Enhancing cancer treatment by improving how therapeutic nanoparticles enter and act within cells is a promising direction. Christelle Prinz and her team have shown that photothermal therapy is more effective when the nanoparticles target the endoplasmic reticulum, which is achieved by performing nanostraw injections.
Gold nanoparticles, especially a type called AuSHINs, show great promise for treating cancer using heat (a method known as photothermal therapy, or PTT). These particles are small, stable, safe for the body, and can be customized in size and shape. But there’s a problem: when added to cancer cells in the lab, they often don’t work as well as hoped. That’s because the cells don’t absorb enough of them, and many end up trapped in parts of the cell (lysosomes) where they break down and lose their effect.
Testing on human breast cancer cells
In this study, researchers tried a new way to deliver these gold particles by using nanostraws to inject them directly into the cells. They compared this method to the usual approach of simply soaking the cells in a solution containing the particles.
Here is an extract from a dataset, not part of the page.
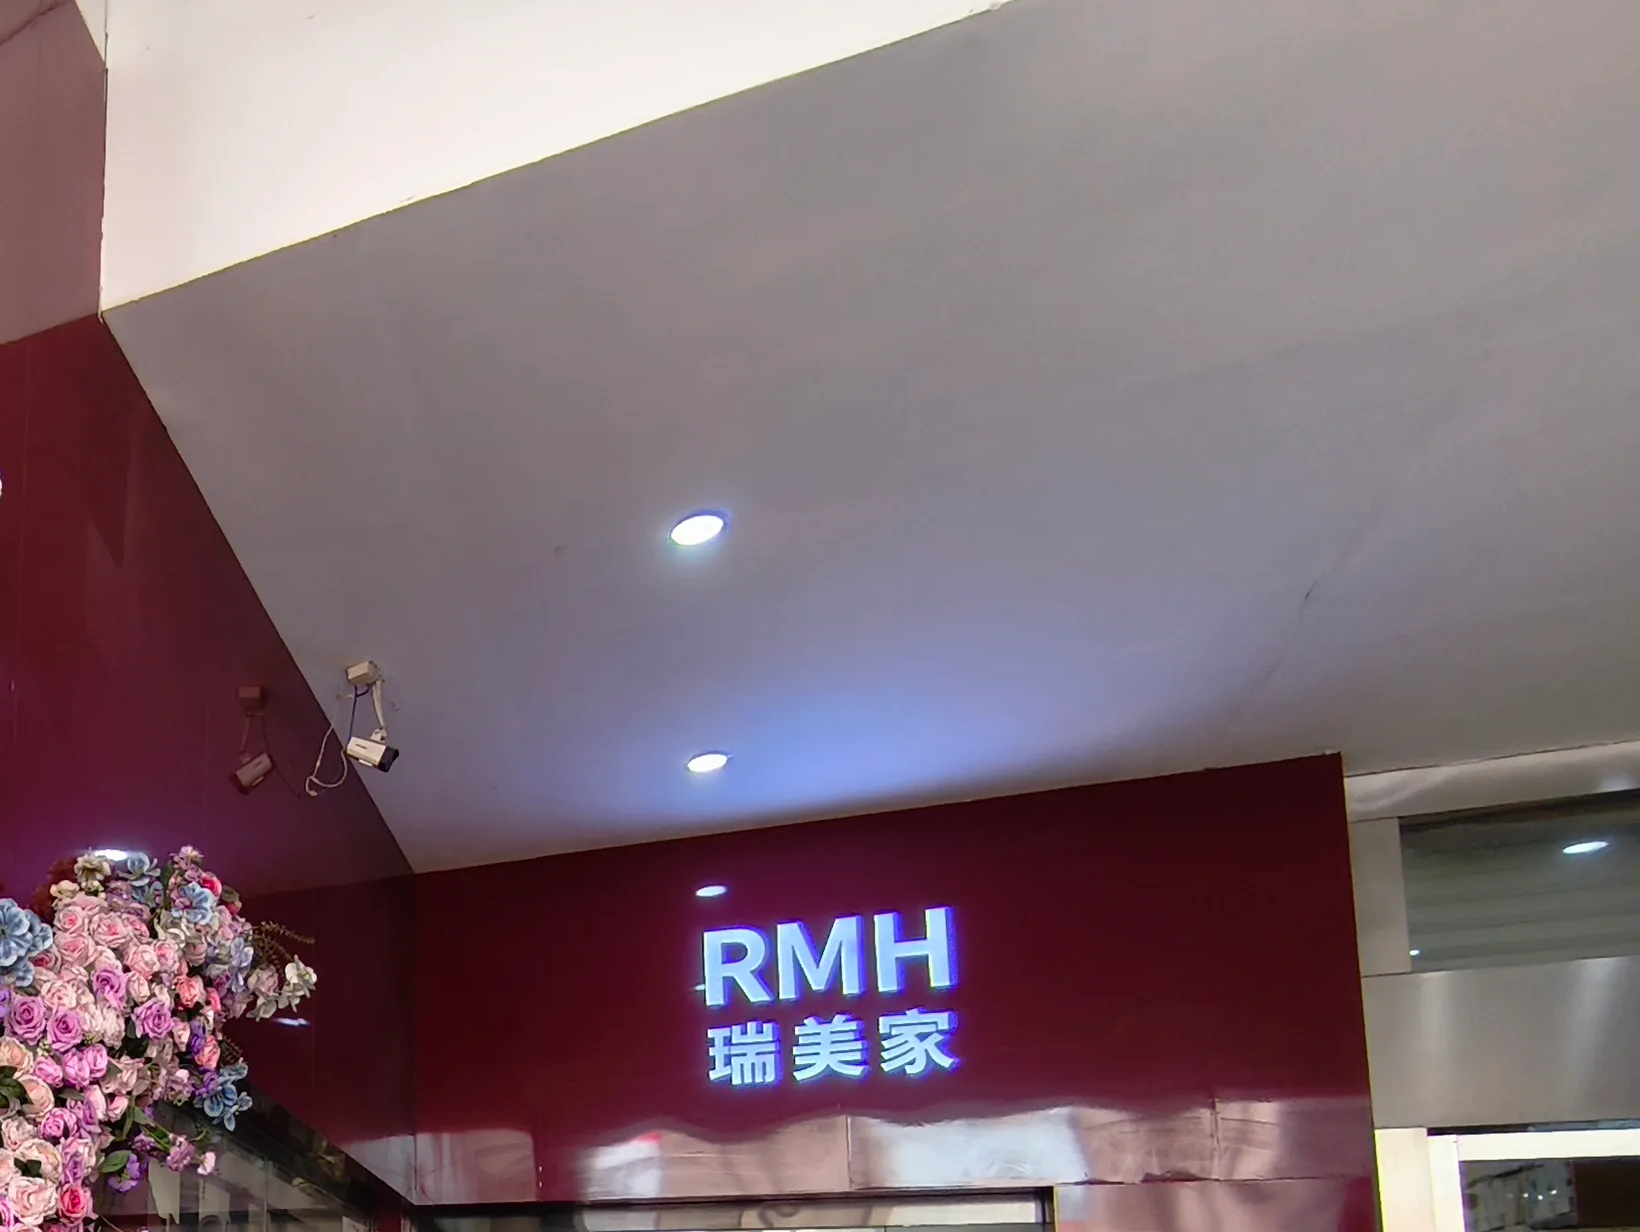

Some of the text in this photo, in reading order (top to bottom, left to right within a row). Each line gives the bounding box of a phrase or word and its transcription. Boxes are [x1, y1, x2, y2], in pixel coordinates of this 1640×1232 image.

[702, 905, 958, 1006] RMH
[706, 1008, 958, 1086] 瑞美家
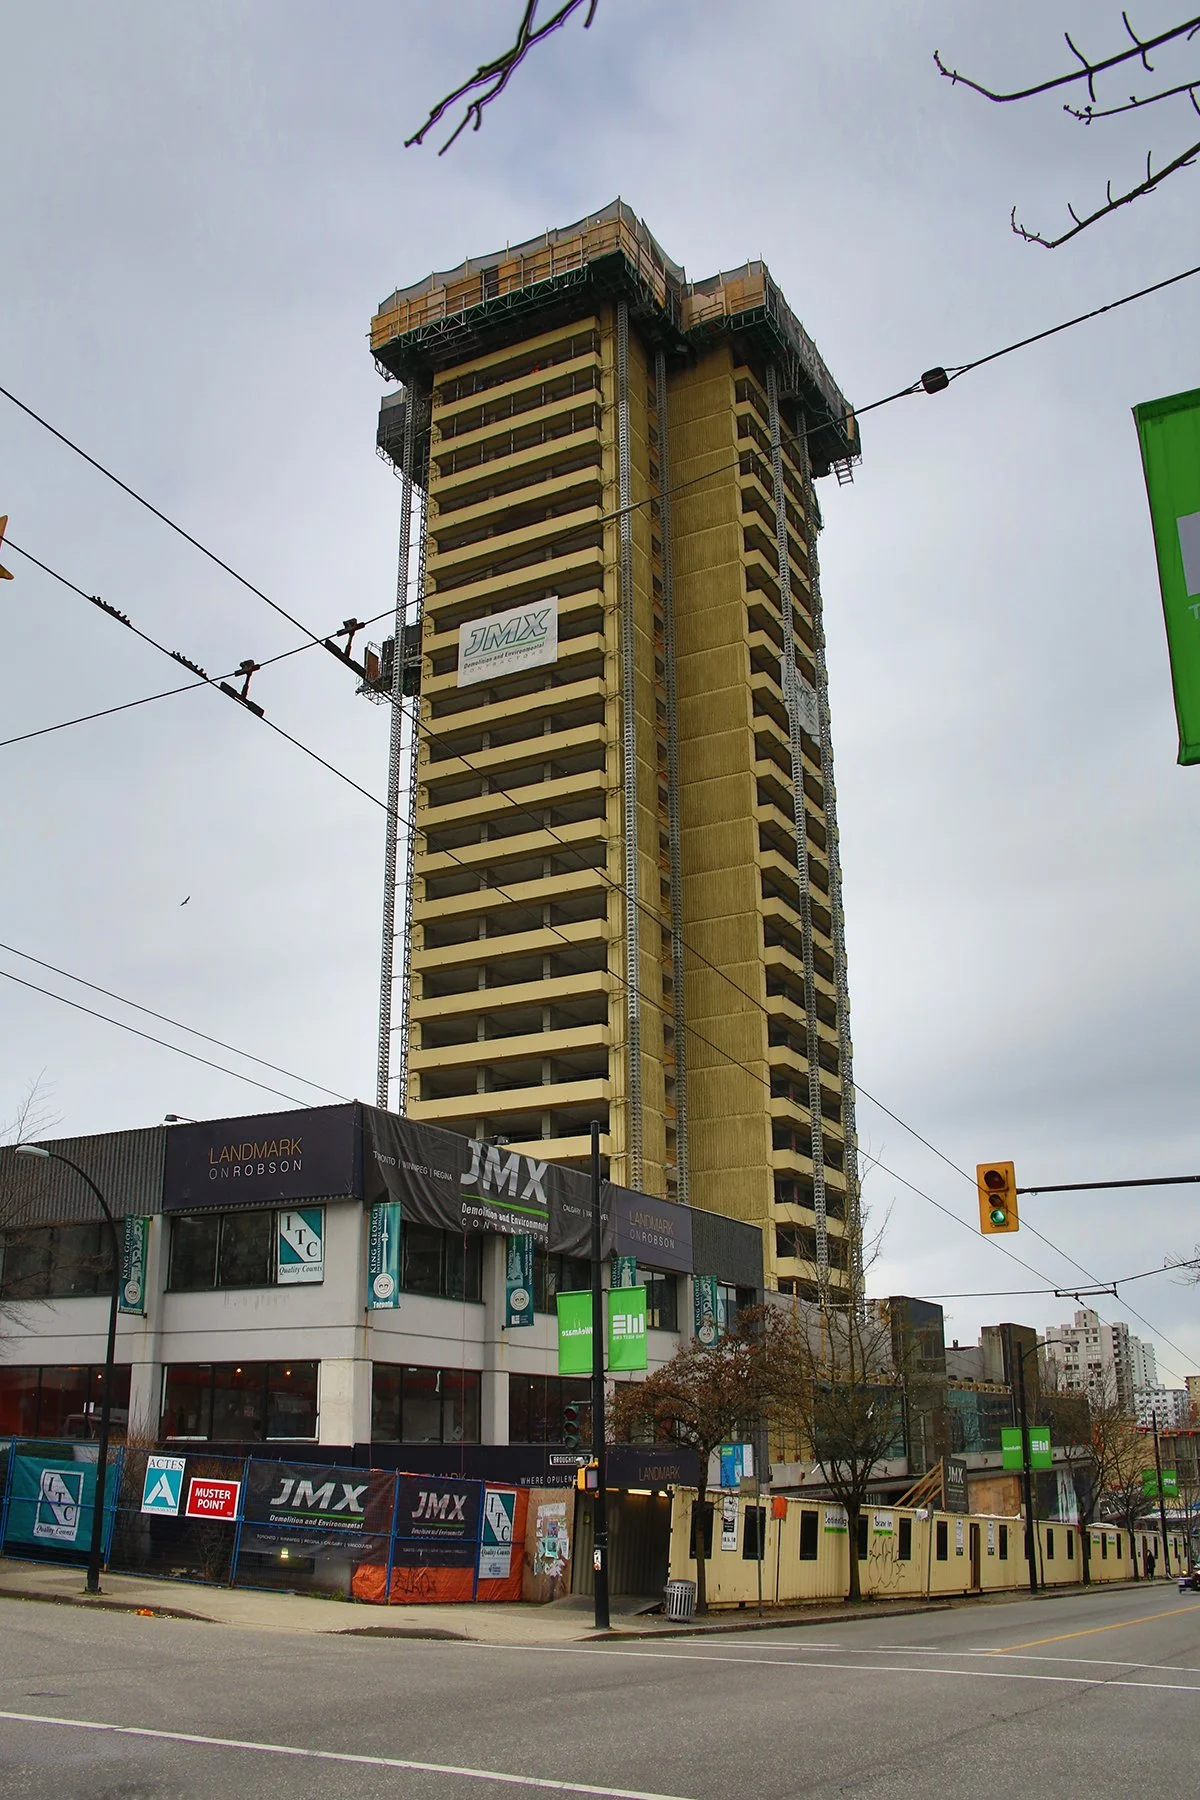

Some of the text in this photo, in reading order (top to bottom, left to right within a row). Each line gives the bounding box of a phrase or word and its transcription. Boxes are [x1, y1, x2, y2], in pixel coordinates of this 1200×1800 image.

The tests were done on two types of human breast cancer cells: one aggressive (MDA-MB-231) and one less aggressive (MCF7).
The results were clear: nanostraw injection got about 10 times more particles into the cells. Plus, instead of ending up in lysosomes where they could degrade, the particles reached another part of the cell – the endoplasmic reticulum – which helped them stay intact and more effective.
Nanostraw-delivered phototermal therapy improves treatment
As a result, cancer cells treated with the nanostraw-delivered particles were about twice as likely to die after light activation compared to the regular method. The treatment worked better on the MCF7 cells, while the MDA-MB-231 cells were more resistant.
These findings suggest that using nanostraws to deliver gold nanoparticles could significantly improve cancer treatment with PTT. The next big step is figuring out how to use this method safely and effectively in living organisms.